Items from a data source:
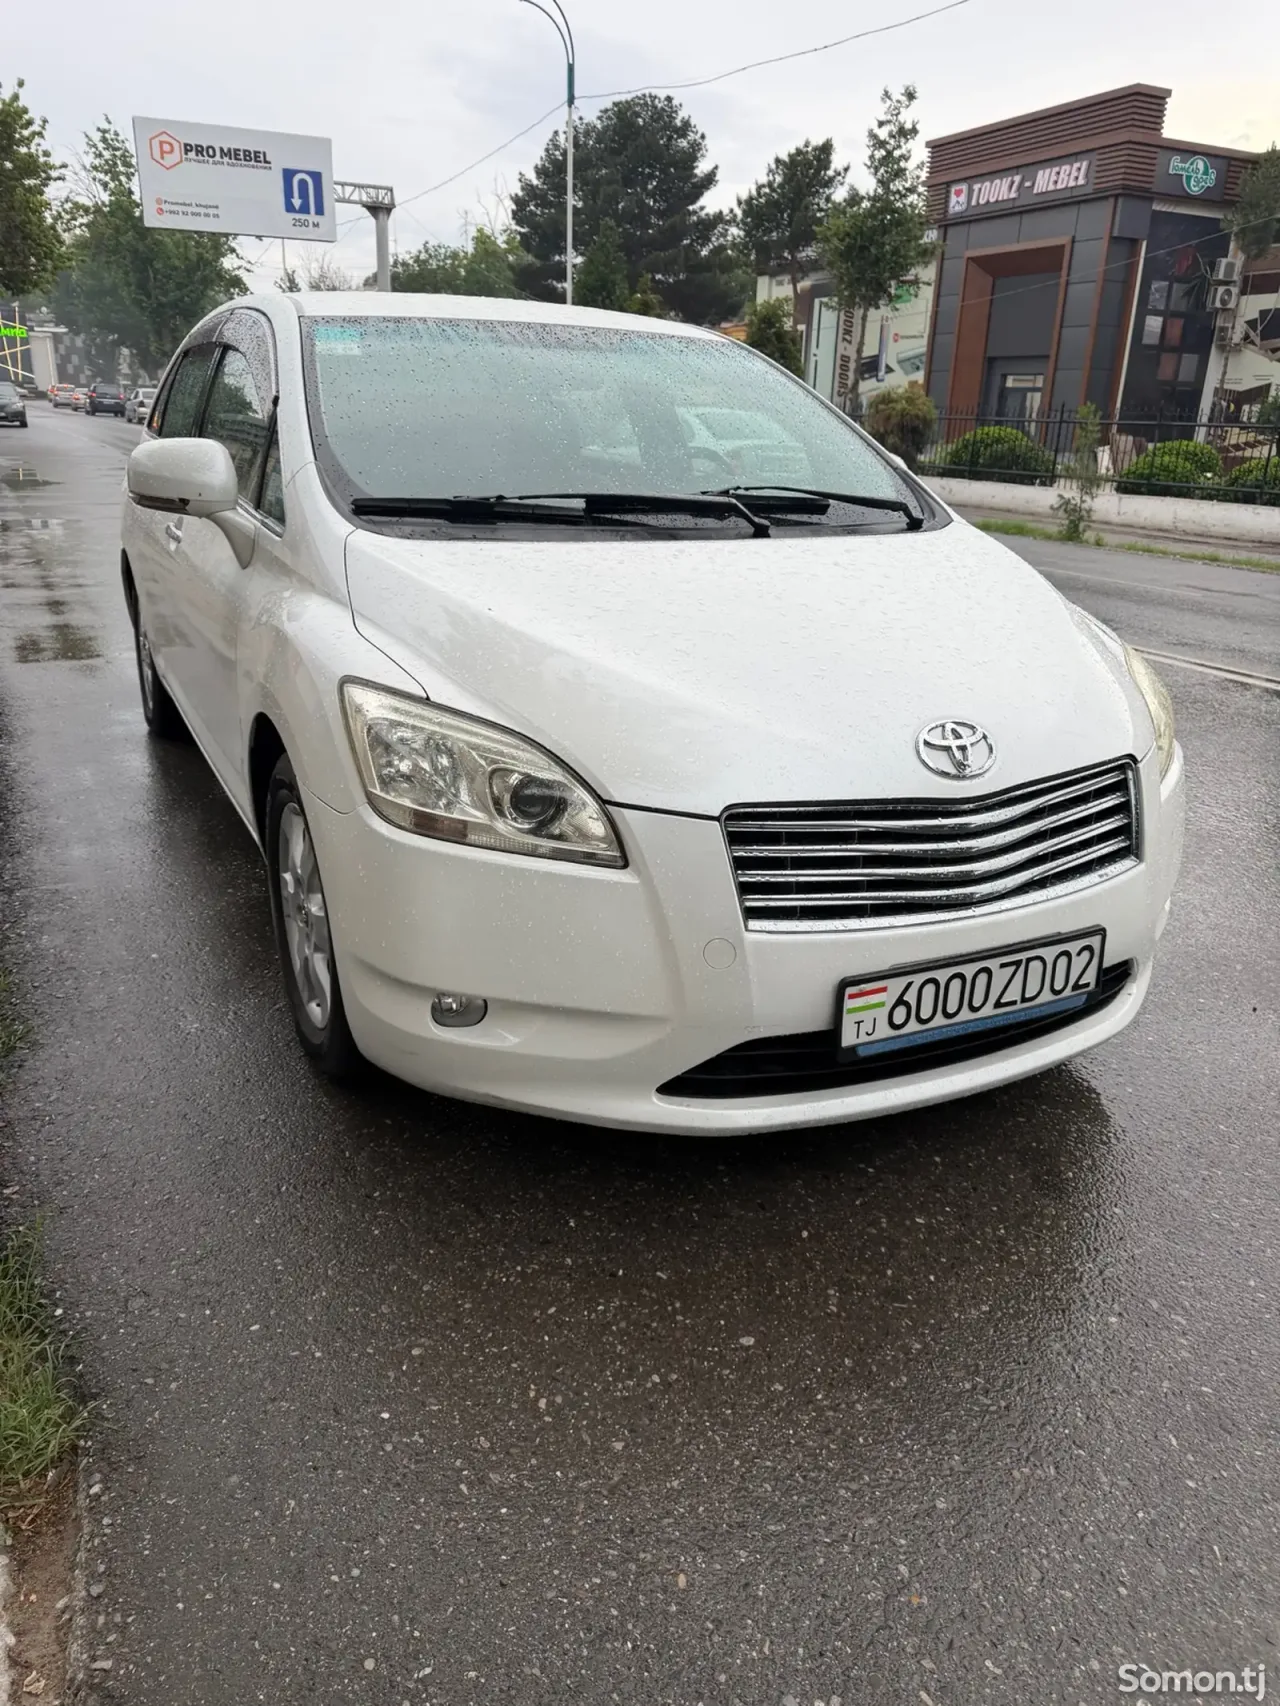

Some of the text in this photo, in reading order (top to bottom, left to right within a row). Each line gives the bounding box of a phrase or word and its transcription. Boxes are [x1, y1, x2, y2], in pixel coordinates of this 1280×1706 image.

[183, 142, 272, 165] PRO MEBEL
[971, 174, 1023, 206] TOOKZ
[1033, 160, 1090, 195] MEBEL
[291, 217, 310, 228] 250
[837, 354, 851, 397] DOORS
[887, 944, 1096, 1031] 6000ZD02
[854, 1017, 877, 1039] TJ
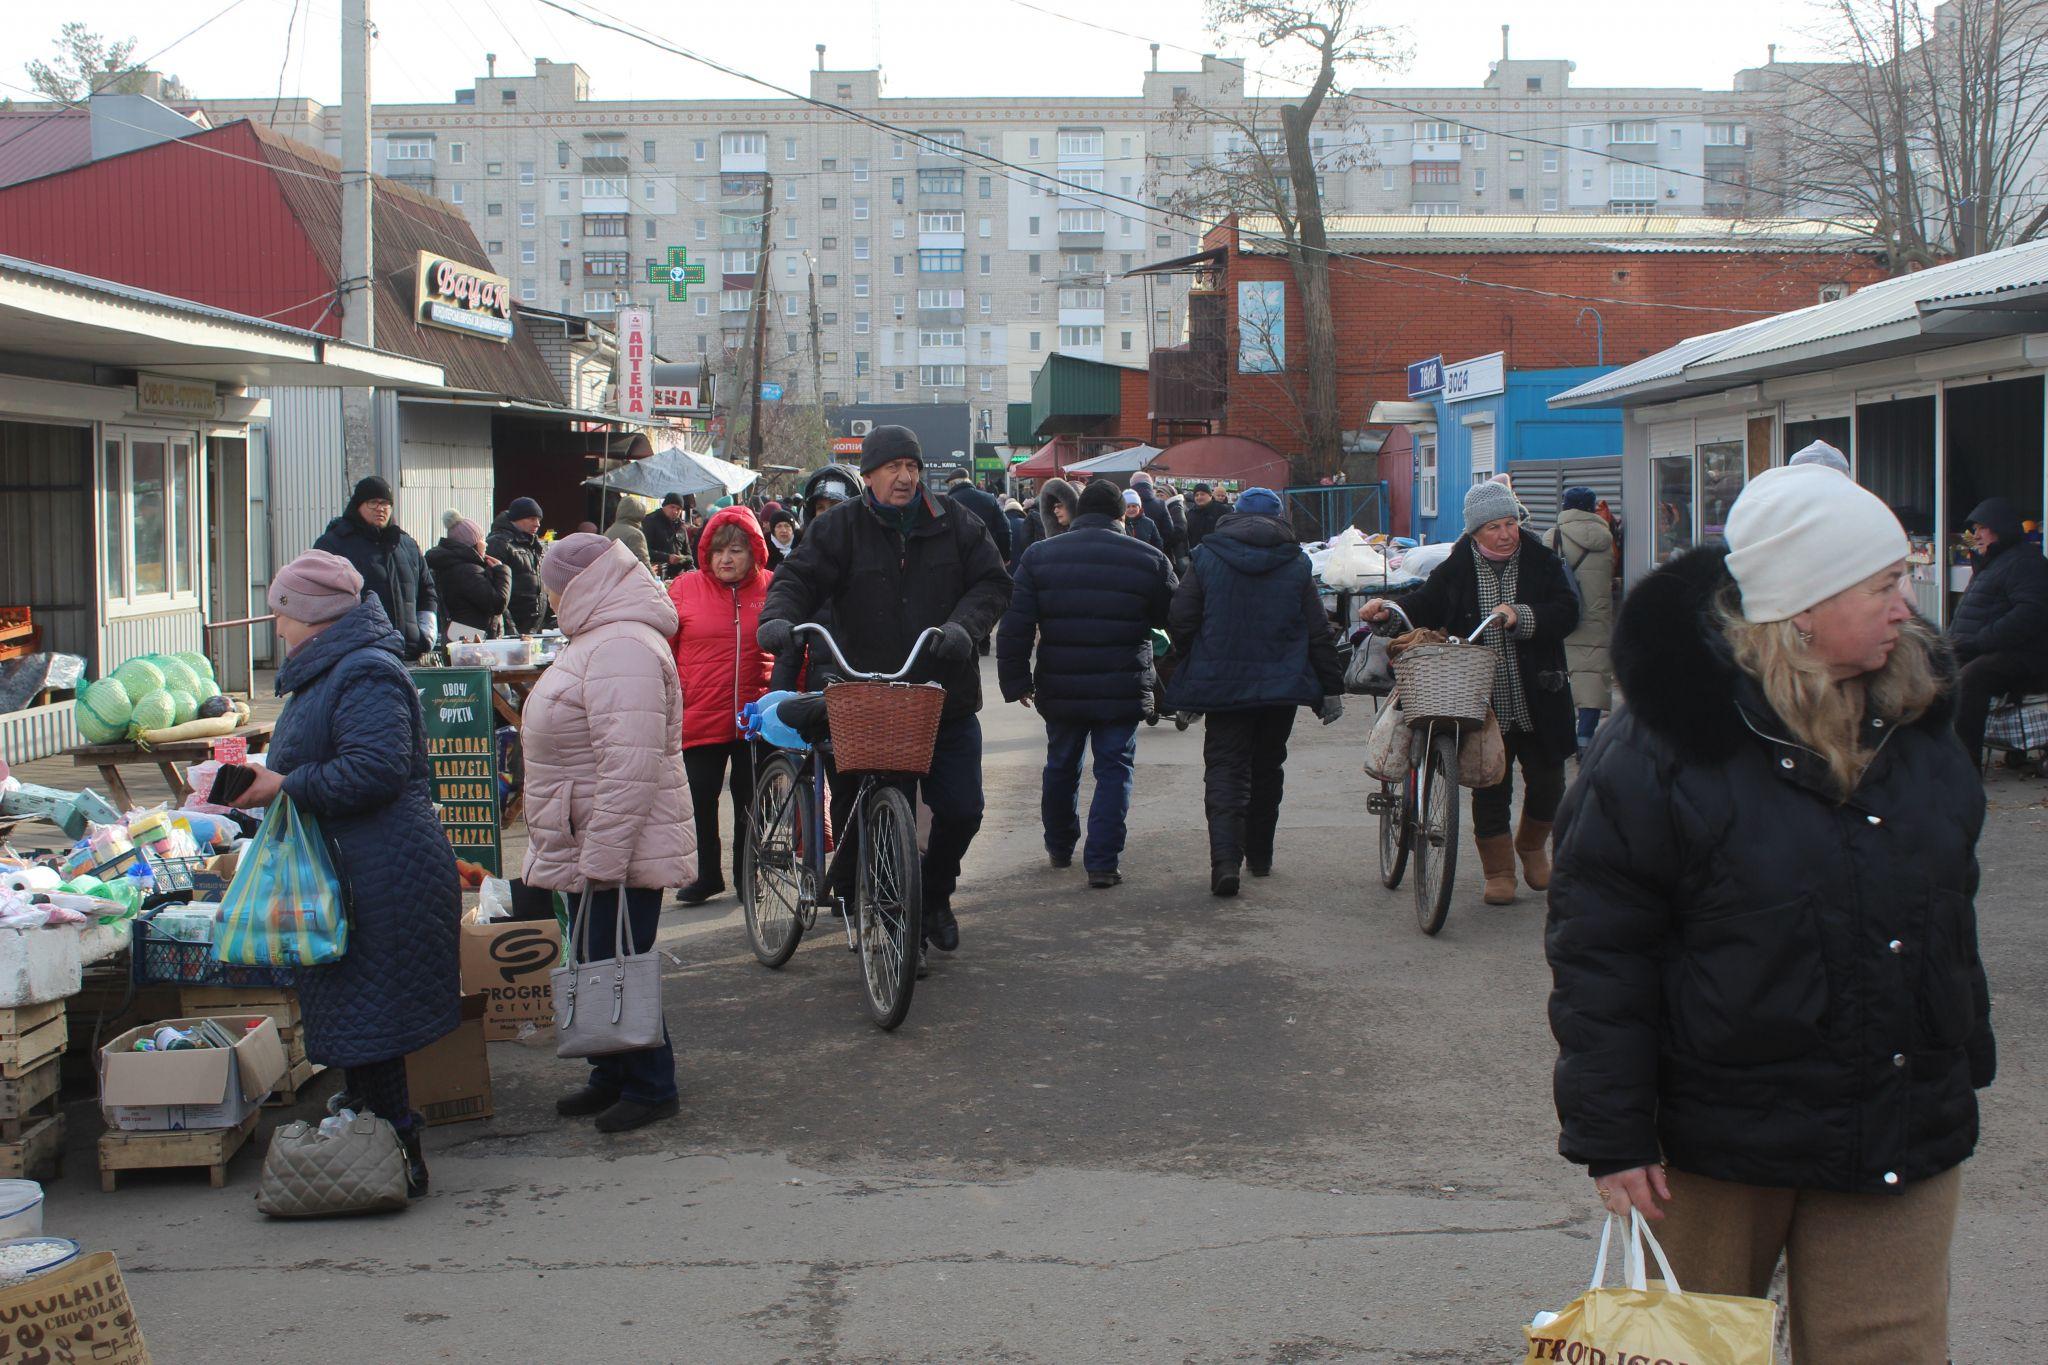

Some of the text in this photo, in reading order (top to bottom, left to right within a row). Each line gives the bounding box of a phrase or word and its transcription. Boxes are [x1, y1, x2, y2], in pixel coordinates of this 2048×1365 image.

[437, 261, 511, 319] Вацак
[628, 331, 644, 413] АПТЕКА
[654, 390, 692, 406] ЕКА
[442, 682, 467, 697] ОВОЧІ
[439, 706, 474, 723] ФРУКТИ
[434, 760, 490, 776] КАПУСТА
[440, 783, 491, 799] МОРКВА
[440, 806, 492, 822] ПЕКІНКА
[446, 828, 494, 844] ЯБЛУКА
[494, 999, 555, 1013] ervic

Task directions:
Strip out the images, then output the records above word for word.

Exercise response:
Some of the text in this photo, in reading order (top to bottom, left to right within a row). Each line gives the bounding box of a phrase or word and its transcription. Boxes are [x1, y1, x2, y2], in pixel coordinates of this 1280×1706 image.

[183, 142, 272, 165] PRO MEBEL
[971, 174, 1023, 206] TOOKZ
[1033, 160, 1090, 195] MEBEL
[291, 217, 310, 228] 250
[837, 354, 851, 397] DOORS
[887, 944, 1096, 1031] 6000ZD02
[854, 1017, 877, 1039] TJ

Some of the text in this photo, in reading order (top to bottom, left to right within a row). Each line gives the bounding box of a phrase or word and its transcription. Boxes are [x1, y1, x2, y2], in pixel coordinates of this 2048×1365 image.

[437, 261, 511, 319] Вацак
[628, 331, 644, 413] АПТЕКА
[654, 390, 692, 406] ЕКА
[442, 682, 467, 697] ОВОЧІ
[439, 706, 474, 723] ФРУКТИ
[434, 760, 490, 776] КАПУСТА
[440, 783, 491, 799] МОРКВА
[440, 806, 492, 822] ПЕКІНКА
[446, 828, 494, 844] ЯБЛУКА
[494, 999, 555, 1013] ervic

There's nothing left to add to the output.